TRY IT: Extract the full set of records that follows, word for word.

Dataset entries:
__________________________________________________

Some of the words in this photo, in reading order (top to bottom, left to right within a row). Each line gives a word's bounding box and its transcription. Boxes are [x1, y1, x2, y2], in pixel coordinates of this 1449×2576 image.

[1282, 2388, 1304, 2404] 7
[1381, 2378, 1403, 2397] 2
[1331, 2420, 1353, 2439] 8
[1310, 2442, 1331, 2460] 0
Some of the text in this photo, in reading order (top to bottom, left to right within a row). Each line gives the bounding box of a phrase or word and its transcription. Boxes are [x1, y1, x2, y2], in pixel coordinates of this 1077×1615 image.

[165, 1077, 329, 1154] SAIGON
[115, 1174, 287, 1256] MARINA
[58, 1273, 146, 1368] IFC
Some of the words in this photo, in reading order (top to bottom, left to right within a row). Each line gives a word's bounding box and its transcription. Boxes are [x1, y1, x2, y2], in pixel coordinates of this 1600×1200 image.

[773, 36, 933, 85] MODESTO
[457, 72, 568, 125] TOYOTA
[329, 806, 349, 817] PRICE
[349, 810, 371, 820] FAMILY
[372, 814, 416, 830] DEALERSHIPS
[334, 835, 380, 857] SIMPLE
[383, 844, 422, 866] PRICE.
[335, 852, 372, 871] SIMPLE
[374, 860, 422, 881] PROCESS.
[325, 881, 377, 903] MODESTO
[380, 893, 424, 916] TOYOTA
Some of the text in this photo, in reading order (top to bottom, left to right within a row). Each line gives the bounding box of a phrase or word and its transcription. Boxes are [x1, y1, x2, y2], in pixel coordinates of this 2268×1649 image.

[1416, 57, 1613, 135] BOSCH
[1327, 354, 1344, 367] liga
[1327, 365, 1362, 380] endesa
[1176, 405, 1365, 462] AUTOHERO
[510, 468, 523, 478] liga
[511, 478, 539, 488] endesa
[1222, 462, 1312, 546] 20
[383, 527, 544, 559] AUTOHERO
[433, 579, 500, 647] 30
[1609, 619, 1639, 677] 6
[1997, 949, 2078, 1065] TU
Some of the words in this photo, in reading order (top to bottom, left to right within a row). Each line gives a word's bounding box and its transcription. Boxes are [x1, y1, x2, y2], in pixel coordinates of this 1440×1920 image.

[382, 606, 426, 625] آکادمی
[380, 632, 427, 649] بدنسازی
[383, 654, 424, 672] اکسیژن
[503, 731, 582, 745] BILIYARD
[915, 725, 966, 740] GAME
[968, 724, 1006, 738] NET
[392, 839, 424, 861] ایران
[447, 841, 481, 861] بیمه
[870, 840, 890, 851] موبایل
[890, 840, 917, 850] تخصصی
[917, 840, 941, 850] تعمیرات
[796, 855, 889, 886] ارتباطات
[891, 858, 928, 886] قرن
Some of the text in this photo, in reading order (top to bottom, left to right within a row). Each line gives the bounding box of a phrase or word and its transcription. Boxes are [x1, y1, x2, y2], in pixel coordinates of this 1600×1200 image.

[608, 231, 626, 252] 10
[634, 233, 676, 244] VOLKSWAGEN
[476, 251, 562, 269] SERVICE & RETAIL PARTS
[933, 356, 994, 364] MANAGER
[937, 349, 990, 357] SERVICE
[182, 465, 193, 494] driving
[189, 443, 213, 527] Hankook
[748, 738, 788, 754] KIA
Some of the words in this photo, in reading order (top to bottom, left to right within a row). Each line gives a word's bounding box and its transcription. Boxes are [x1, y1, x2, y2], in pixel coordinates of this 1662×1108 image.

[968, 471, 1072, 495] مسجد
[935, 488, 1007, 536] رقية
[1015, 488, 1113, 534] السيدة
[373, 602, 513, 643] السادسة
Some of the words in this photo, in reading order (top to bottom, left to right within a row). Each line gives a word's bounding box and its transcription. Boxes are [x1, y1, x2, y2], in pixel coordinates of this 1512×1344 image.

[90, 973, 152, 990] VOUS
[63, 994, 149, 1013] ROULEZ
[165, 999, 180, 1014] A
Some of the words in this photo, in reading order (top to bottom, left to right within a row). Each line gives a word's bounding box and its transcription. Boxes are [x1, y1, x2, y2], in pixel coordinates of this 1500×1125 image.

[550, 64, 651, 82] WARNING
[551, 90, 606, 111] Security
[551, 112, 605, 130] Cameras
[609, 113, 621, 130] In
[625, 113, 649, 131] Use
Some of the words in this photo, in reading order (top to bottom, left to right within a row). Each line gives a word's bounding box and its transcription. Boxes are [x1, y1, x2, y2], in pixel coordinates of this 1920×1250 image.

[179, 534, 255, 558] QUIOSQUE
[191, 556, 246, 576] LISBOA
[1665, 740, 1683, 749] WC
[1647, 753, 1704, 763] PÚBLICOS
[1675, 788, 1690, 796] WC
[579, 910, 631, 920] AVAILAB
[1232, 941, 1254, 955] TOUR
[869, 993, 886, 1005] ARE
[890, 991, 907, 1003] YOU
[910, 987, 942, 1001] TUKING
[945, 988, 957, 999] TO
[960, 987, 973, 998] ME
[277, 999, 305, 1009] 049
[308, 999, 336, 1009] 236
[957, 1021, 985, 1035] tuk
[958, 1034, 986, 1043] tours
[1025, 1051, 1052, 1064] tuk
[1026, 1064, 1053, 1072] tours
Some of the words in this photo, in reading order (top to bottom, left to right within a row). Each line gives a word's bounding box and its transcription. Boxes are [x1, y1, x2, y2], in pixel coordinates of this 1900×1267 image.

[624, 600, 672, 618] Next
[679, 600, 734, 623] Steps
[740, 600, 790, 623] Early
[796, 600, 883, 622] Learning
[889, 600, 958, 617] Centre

__________________________________________________

RESULT:
Some of the words in this photo, in reading order (top to bottom, left to right within a row). Each line gives a word's bounding box and its transcription. Boxes are [x1, y1, x2, y2], in pixel coordinates of this 1449×2576 image.

[1282, 2388, 1304, 2404] 7
[1381, 2378, 1403, 2397] 2
[1331, 2420, 1353, 2439] 8
[1310, 2442, 1331, 2460] 0
Some of the text in this photo, in reading order (top to bottom, left to right within a row). Each line gives the bounding box of a phrase or word and its transcription. Boxes are [x1, y1, x2, y2], in pixel coordinates of this 1077×1615 image.

[165, 1077, 329, 1154] SAIGON
[115, 1174, 287, 1256] MARINA
[58, 1273, 146, 1368] IFC
Some of the words in this photo, in reading order (top to bottom, left to right within a row). Each line gives a word's bounding box and its transcription. Boxes are [x1, y1, x2, y2], in pixel coordinates of this 1600×1200 image.

[773, 36, 933, 85] MODESTO
[457, 72, 568, 125] TOYOTA
[329, 806, 349, 817] PRICE
[349, 810, 371, 820] FAMILY
[372, 814, 416, 830] DEALERSHIPS
[334, 835, 380, 857] SIMPLE
[383, 844, 422, 866] PRICE.
[335, 852, 372, 871] SIMPLE
[374, 860, 422, 881] PROCESS.
[325, 881, 377, 903] MODESTO
[380, 893, 424, 916] TOYOTA
Some of the text in this photo, in reading order (top to bottom, left to right within a row). Each line gives the bounding box of a phrase or word and its transcription. Boxes are [x1, y1, x2, y2], in pixel coordinates of this 2268×1649 image.

[1416, 57, 1613, 135] BOSCH
[1327, 354, 1344, 367] liga
[1327, 365, 1362, 380] endesa
[1176, 405, 1365, 462] AUTOHERO
[510, 468, 523, 478] liga
[511, 478, 539, 488] endesa
[1222, 462, 1312, 546] 20
[383, 527, 544, 559] AUTOHERO
[433, 579, 500, 647] 30
[1609, 619, 1639, 677] 6
[1997, 949, 2078, 1065] TU
Some of the words in this photo, in reading order (top to bottom, left to right within a row). Each line gives a word's bounding box and its transcription. Boxes are [x1, y1, x2, y2], in pixel coordinates of this 1440×1920 image.

[382, 606, 426, 625] آکادمی
[380, 632, 427, 649] بدنسازی
[383, 654, 424, 672] اکسیژن
[503, 731, 582, 745] BILIYARD
[915, 725, 966, 740] GAME
[968, 724, 1006, 738] NET
[392, 839, 424, 861] ایران
[447, 841, 481, 861] بیمه
[870, 840, 890, 851] موبایل
[890, 840, 917, 850] تخصصی
[917, 840, 941, 850] تعمیرات
[796, 855, 889, 886] ارتباطات
[891, 858, 928, 886] قرن
Some of the text in this photo, in reading order (top to bottom, left to right within a row). Each line gives the bounding box of a phrase or word and its transcription. Boxes are [x1, y1, x2, y2], in pixel coordinates of this 1600×1200 image.

[608, 231, 626, 252] 10
[634, 233, 676, 244] VOLKSWAGEN
[476, 251, 562, 269] SERVICE & RETAIL PARTS
[933, 356, 994, 364] MANAGER
[937, 349, 990, 357] SERVICE
[182, 465, 193, 494] driving
[189, 443, 213, 527] Hankook
[748, 738, 788, 754] KIA
Some of the words in this photo, in reading order (top to bottom, left to right within a row). Each line gives a word's bounding box and its transcription. Boxes are [x1, y1, x2, y2], in pixel coordinates of this 1662×1108 image.

[968, 471, 1072, 495] مسجد
[935, 488, 1007, 536] رقية
[1015, 488, 1113, 534] السيدة
[373, 602, 513, 643] السادسة
Some of the words in this photo, in reading order (top to bottom, left to right within a row). Each line gives a word's bounding box and its transcription. Boxes are [x1, y1, x2, y2], in pixel coordinates of this 1512×1344 image.

[90, 973, 152, 990] VOUS
[63, 994, 149, 1013] ROULEZ
[165, 999, 180, 1014] A
Some of the words in this photo, in reading order (top to bottom, left to right within a row). Each line gives a word's bounding box and its transcription. Boxes are [x1, y1, x2, y2], in pixel coordinates of this 1500×1125 image.

[550, 64, 651, 82] WARNING
[551, 90, 606, 111] Security
[551, 112, 605, 130] Cameras
[609, 113, 621, 130] In
[625, 113, 649, 131] Use
Some of the words in this photo, in reading order (top to bottom, left to right within a row). Each line gives a word's bounding box and its transcription. Boxes are [x1, y1, x2, y2], in pixel coordinates of this 1920×1250 image.

[179, 534, 255, 558] QUIOSQUE
[191, 556, 246, 576] LISBOA
[1665, 740, 1683, 749] WC
[1647, 753, 1704, 763] PÚBLICOS
[1675, 788, 1690, 796] WC
[579, 910, 631, 920] AVAILAB
[1232, 941, 1254, 955] TOUR
[869, 993, 886, 1005] ARE
[890, 991, 907, 1003] YOU
[910, 987, 942, 1001] TUKING
[945, 988, 957, 999] TO
[960, 987, 973, 998] ME
[277, 999, 305, 1009] 049
[308, 999, 336, 1009] 236
[957, 1021, 985, 1035] tuk
[958, 1034, 986, 1043] tours
[1025, 1051, 1052, 1064] tuk
[1026, 1064, 1053, 1072] tours
Some of the words in this photo, in reading order (top to bottom, left to right within a row). Each line gives a word's bounding box and its transcription. Boxes are [x1, y1, x2, y2], in pixel coordinates of this 1900×1267 image.

[624, 600, 672, 618] Next
[679, 600, 734, 623] Steps
[740, 600, 790, 623] Early
[796, 600, 883, 622] Learning
[889, 600, 958, 617] Centre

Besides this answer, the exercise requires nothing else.